** WORK TO COMPLETE **
Every line below from the one containing "this 1280×1440 image." to the final line must be reproduced exactly, and no other line may appear in the answer.

** ENTRIES SUPPLIED **
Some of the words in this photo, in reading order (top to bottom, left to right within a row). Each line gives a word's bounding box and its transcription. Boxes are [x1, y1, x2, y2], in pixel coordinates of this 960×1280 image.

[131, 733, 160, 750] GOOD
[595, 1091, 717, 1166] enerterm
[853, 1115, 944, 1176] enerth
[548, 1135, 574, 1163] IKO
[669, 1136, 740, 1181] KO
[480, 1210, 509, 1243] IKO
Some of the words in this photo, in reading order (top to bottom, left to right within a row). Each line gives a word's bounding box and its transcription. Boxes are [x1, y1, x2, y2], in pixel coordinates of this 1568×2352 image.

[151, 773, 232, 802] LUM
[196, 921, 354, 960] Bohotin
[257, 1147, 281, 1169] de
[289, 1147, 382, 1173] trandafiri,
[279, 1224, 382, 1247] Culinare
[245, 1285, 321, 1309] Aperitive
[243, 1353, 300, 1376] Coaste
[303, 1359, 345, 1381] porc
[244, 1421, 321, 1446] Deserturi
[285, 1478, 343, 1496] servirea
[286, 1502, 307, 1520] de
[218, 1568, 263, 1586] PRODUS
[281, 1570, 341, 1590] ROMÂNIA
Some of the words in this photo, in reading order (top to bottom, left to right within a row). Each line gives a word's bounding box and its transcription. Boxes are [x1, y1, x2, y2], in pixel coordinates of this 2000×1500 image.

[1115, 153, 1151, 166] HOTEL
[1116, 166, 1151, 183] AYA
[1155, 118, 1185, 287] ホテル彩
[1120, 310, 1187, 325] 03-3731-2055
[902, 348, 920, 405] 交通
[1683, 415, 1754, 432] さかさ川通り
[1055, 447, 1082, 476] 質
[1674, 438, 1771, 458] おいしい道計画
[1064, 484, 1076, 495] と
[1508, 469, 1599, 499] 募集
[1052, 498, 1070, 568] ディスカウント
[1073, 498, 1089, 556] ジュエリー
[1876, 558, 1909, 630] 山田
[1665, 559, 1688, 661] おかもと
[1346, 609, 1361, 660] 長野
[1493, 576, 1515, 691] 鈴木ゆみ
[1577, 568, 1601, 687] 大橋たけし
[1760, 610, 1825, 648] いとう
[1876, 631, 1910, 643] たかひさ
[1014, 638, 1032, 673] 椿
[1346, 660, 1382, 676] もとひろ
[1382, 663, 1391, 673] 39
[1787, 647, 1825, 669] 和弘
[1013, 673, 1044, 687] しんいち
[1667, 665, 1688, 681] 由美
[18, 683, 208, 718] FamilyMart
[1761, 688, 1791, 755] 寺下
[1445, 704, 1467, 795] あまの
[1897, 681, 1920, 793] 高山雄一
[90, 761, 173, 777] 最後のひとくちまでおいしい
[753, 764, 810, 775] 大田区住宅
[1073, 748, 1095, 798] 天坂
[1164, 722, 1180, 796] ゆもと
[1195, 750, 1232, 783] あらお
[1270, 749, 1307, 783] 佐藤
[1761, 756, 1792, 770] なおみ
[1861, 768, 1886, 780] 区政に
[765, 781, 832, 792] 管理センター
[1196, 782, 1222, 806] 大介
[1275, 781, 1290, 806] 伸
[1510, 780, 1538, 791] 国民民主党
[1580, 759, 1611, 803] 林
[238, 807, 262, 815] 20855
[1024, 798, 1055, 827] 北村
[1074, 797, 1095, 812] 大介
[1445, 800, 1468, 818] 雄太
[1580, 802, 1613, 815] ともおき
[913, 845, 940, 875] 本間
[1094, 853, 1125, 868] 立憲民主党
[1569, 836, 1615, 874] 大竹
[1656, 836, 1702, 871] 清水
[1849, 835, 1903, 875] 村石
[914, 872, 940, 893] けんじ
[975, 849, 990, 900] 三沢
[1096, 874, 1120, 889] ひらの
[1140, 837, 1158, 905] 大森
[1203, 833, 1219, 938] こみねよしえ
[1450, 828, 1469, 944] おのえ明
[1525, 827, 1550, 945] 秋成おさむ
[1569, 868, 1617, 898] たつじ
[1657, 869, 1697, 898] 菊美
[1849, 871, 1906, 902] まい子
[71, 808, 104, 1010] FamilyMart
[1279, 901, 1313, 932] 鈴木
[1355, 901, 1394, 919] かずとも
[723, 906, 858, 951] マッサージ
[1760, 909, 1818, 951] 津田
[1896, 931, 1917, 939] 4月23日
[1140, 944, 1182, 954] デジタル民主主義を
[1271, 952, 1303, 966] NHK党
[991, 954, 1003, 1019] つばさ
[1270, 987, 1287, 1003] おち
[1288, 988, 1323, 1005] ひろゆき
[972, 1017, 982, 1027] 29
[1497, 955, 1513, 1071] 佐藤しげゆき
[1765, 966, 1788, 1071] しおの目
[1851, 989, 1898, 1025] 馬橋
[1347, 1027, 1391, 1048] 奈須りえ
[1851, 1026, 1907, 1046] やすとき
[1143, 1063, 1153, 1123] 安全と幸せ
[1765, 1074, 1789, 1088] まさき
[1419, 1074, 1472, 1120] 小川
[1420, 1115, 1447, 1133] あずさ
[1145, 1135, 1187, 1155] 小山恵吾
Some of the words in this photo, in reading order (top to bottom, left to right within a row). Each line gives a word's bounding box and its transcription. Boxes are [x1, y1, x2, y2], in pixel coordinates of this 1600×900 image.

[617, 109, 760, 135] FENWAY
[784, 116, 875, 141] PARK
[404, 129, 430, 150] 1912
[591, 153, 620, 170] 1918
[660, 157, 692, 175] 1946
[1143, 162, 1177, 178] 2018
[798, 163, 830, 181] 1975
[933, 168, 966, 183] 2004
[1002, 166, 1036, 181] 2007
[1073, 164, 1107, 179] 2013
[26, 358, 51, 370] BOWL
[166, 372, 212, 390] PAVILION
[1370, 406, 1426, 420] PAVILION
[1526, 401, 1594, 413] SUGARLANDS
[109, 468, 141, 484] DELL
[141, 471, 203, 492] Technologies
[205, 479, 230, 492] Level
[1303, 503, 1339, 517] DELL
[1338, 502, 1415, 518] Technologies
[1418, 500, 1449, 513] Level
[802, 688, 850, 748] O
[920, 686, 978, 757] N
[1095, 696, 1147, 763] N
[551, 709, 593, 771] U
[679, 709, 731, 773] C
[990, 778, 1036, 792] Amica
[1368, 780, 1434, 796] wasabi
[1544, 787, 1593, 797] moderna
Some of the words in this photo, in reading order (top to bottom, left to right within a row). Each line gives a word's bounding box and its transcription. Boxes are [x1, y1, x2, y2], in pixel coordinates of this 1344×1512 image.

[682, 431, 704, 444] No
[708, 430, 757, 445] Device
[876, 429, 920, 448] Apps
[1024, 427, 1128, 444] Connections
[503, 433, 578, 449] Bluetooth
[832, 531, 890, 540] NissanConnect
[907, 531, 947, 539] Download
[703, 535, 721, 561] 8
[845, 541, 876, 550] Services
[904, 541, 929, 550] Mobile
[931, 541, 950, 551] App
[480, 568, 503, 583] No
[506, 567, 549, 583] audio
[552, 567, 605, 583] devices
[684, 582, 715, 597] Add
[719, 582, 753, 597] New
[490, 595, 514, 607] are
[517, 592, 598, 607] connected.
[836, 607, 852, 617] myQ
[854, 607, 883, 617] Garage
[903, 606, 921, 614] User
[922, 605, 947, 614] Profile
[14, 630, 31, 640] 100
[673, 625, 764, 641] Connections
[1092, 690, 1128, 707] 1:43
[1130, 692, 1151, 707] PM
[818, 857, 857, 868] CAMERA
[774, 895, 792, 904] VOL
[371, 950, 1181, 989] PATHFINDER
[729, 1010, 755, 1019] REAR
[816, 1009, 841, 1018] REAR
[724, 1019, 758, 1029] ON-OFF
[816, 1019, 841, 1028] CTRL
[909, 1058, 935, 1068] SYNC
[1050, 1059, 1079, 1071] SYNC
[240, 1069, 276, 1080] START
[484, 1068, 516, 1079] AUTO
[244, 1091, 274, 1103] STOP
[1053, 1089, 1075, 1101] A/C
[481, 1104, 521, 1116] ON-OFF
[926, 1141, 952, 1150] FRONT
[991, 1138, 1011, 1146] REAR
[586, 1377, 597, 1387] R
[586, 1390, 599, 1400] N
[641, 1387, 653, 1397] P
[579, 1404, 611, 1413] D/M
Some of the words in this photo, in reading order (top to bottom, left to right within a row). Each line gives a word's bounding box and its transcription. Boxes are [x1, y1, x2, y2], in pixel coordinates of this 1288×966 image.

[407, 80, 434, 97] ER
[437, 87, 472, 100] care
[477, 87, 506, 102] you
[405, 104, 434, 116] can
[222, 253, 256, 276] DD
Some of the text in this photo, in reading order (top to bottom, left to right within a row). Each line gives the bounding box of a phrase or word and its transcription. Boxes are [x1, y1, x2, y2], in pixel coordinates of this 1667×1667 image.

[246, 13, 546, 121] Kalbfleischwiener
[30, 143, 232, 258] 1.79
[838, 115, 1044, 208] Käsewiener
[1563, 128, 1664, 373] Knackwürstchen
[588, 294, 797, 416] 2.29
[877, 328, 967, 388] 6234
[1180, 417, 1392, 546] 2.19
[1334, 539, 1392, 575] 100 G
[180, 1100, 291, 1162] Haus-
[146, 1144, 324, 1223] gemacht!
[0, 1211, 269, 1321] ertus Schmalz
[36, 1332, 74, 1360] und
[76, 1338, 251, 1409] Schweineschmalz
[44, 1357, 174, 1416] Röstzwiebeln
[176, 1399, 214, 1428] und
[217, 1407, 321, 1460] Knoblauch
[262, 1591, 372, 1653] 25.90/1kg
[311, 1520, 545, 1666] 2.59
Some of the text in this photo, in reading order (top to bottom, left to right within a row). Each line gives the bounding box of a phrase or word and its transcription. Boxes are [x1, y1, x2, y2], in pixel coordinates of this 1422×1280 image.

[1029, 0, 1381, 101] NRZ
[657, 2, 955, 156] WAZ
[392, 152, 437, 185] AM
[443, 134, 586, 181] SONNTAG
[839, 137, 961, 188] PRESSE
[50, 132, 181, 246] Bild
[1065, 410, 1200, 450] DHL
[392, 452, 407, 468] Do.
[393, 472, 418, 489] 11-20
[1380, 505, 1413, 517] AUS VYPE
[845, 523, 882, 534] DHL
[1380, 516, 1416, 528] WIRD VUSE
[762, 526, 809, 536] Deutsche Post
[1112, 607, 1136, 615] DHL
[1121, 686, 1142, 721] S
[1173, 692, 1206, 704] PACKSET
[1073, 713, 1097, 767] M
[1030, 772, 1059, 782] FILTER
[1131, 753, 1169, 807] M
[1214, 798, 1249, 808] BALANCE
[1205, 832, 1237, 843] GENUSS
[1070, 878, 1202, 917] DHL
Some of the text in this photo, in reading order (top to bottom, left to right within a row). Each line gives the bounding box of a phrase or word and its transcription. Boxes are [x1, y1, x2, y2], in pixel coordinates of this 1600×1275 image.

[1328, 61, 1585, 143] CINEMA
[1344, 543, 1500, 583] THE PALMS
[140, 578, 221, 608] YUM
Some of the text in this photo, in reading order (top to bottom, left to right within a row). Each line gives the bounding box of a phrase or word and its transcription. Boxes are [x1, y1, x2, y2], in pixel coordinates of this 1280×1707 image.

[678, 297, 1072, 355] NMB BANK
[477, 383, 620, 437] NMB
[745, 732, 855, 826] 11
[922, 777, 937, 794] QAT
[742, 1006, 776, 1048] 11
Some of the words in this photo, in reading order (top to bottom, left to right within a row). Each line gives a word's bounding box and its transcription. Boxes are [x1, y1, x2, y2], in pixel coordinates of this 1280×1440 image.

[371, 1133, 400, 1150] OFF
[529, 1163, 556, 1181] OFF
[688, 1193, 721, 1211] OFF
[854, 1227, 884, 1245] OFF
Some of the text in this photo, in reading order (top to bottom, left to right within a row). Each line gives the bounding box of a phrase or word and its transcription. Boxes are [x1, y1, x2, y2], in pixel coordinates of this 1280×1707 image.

** WRITTEN ANSWER **
Some of the words in this photo, in reading order (top to bottom, left to right within a row). Each line gives a word's bounding box and its transcription. Boxes are [x1, y1, x2, y2], in pixel coordinates of this 1280×1440 image.

[371, 1133, 400, 1150] OFF
[529, 1163, 556, 1181] OFF
[688, 1193, 721, 1211] OFF
[854, 1227, 884, 1245] OFF
Some of the text in this photo, in reading order (top to bottom, left to right within a row). Each line gives the bounding box of a phrase or word and its transcription. Boxes are [x1, y1, x2, y2], in pixel coordinates of this 1280×1707 image.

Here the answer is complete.